Today the dog leaped over the creek after treeing a cat. I was struck by his graceful confidence, which, though I love this dog, seems a confidence wholly unearned. He made it fine, though.
On Twitter, I saw a person recounting a story of her elderly grandmother’s surprisingly progressive response to a relative’s life situation, the whole family, really, way back in the early 1900s.
I didn’t quite believe the story. It seems a little too perfectly aligned with our politics today and less so with what I know of the politics of the time. On the other hand, who knows? The world is a big place and people have been surprising in it a long time.
But then someone jumped down the storyteller’s throat about how the terminology the grandmother had used in the story–remember, a story recounted as having happened in the early 1900s–was hurtful.
Which, I have to say, is pretty damn likely, being as it was the early 1900s.
And then the storyteller apologized and said she had made a mistake trying to cram the whole story into 140 characters and the grandmother had actually said the thing we would say now.
And then I knew the story was bullshit. But no one else seems to. They’re all just pleased about the apology.
Or maybe it doesn’t matter that the story is bullshit?

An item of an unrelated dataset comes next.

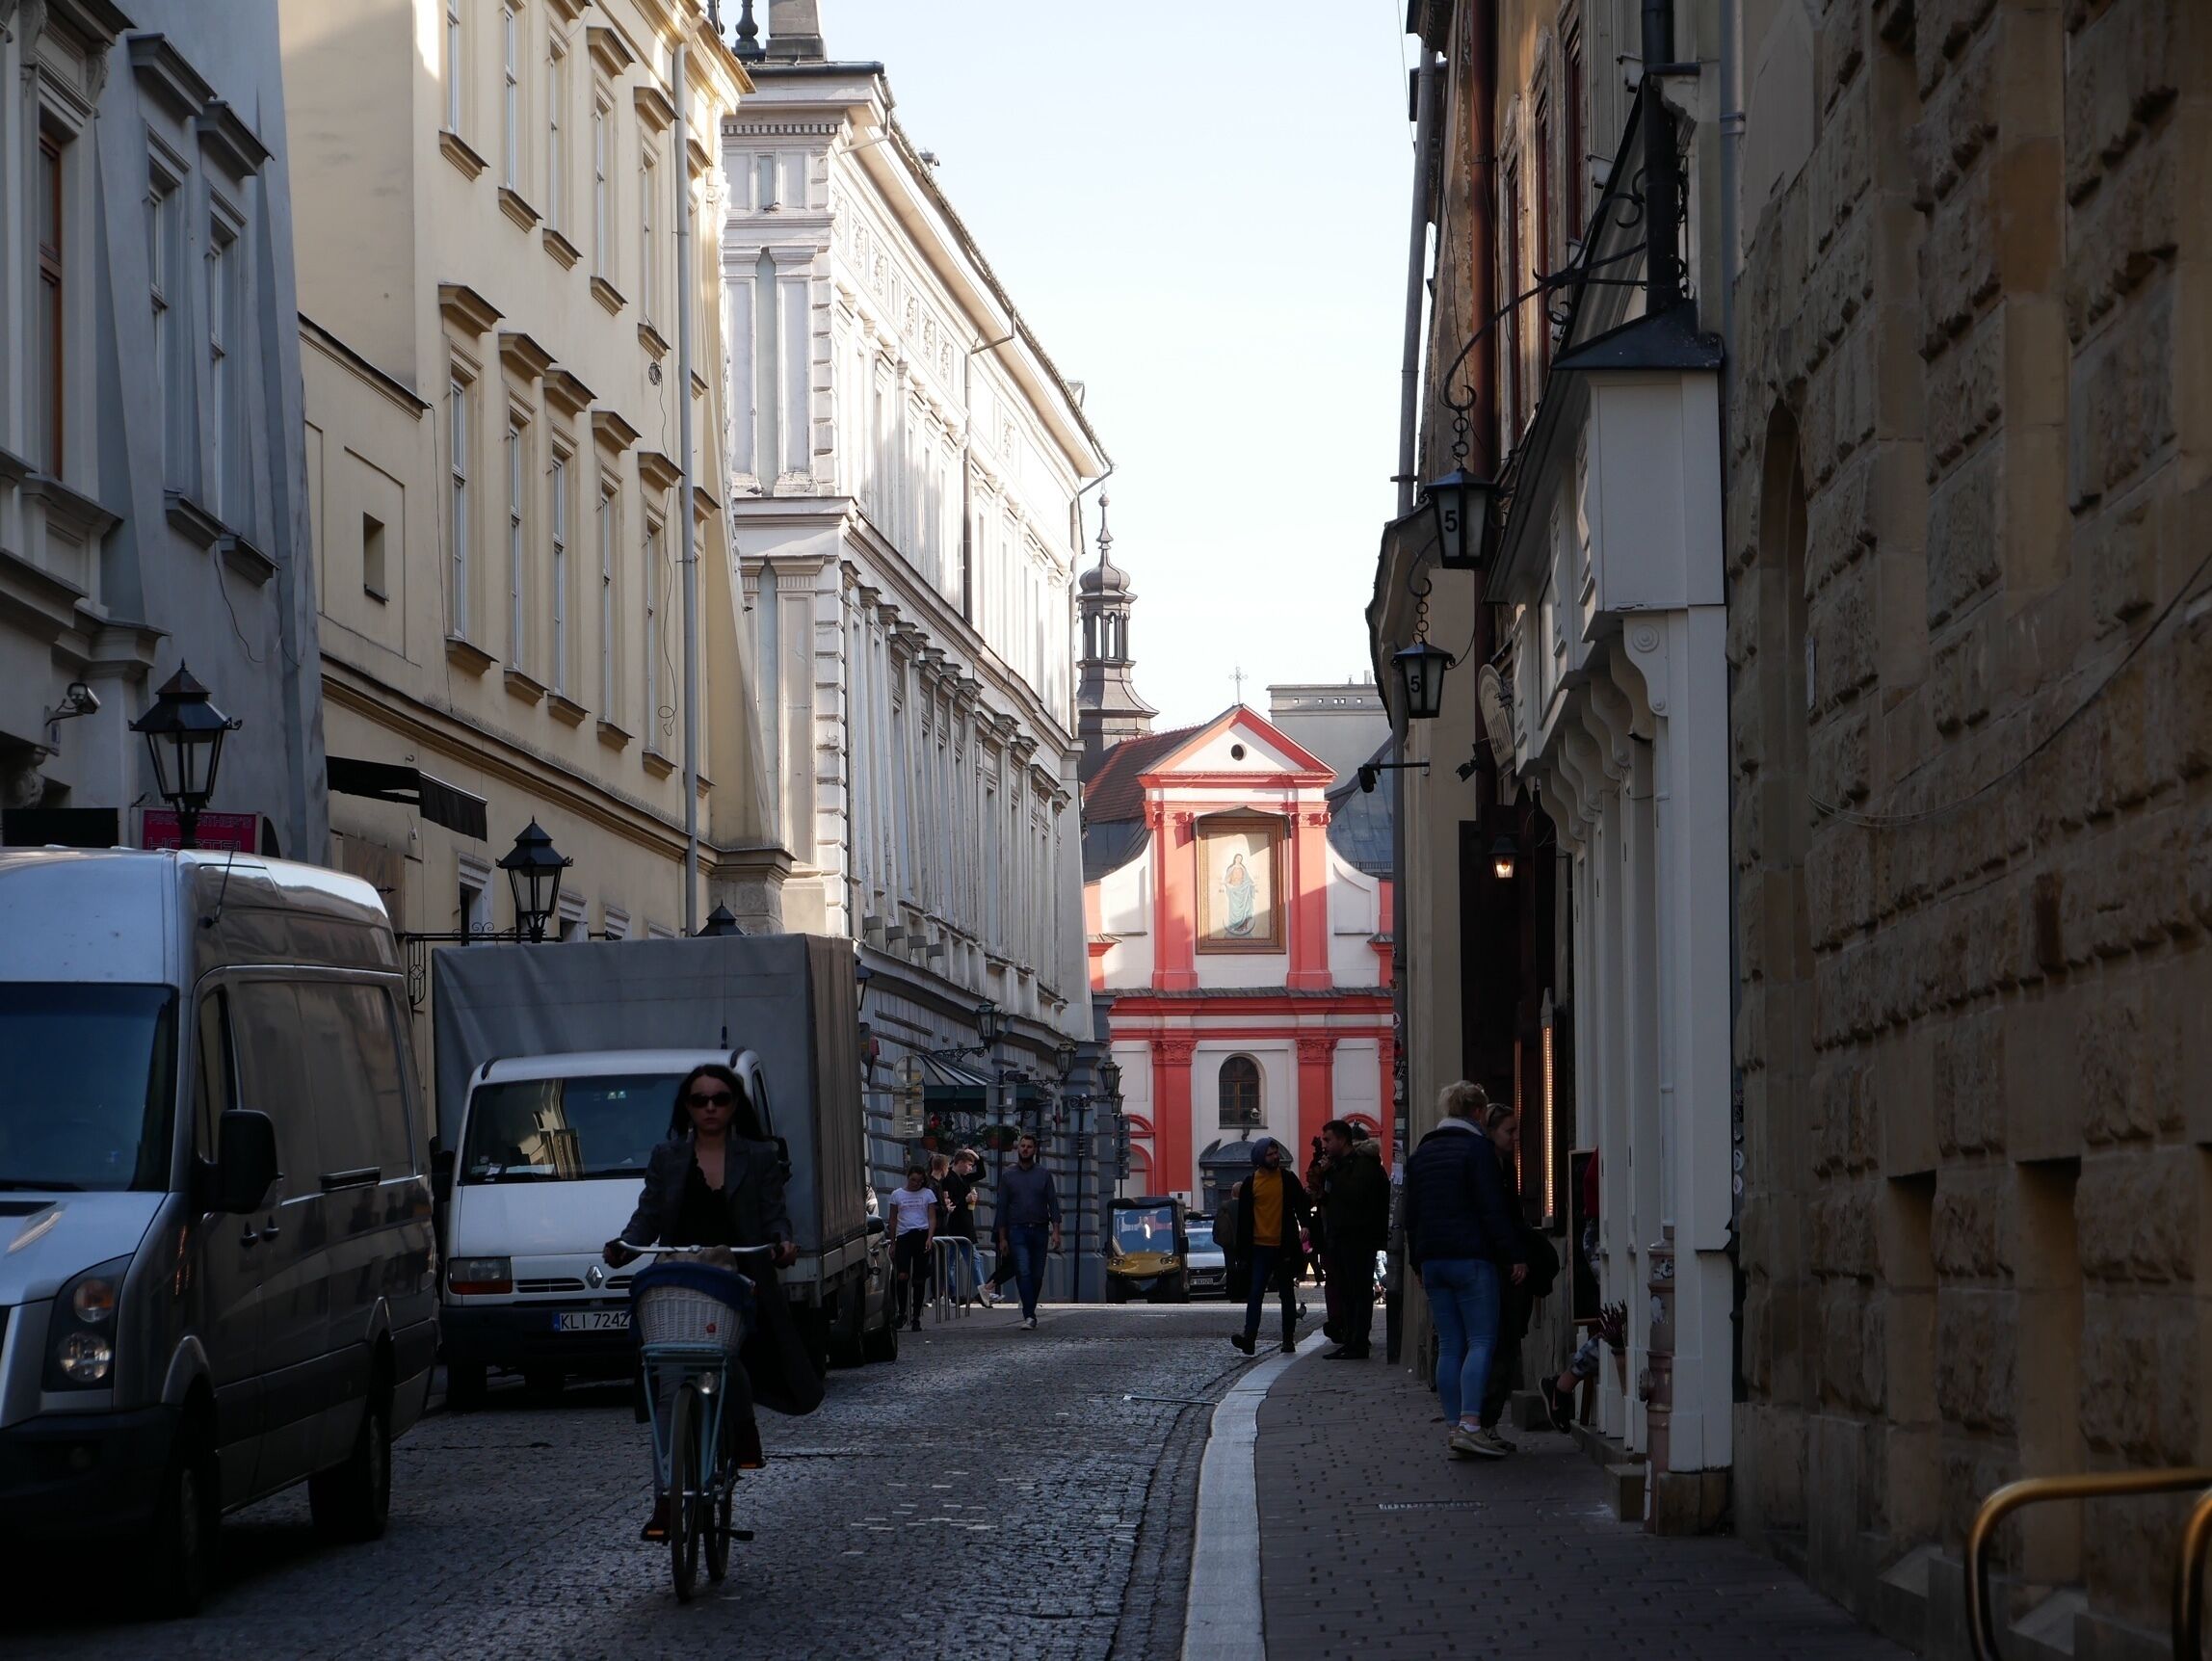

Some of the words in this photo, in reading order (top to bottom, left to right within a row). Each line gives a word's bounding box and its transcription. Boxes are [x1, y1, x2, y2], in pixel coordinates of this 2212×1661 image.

I don’t know. I have a hard time knowing if things I remember are real–partially because I think I do genuinely have a shitty memory and partially because I have been trained since childhood to believe that there is always some generous way to interpret a situation that will explain the behavior of assholes, so I have always found my own memories and feelings about things suspect. But that’s why I want to know things, true things. I want to see for myself things I can count on. Even if they’re painful or imperfect.
So, I can’t understand this other impulse to have a story–passed off as true–that probably isn’t true, but tells us that how things are now is how they always have been, we’ve just been denying it.
Memory is a tricky thing. You can only interpret a thing in real time according to what you already know, whereas in memory you can interpret including what you’ve learned. It’s also easily conflated with wishes and dreams.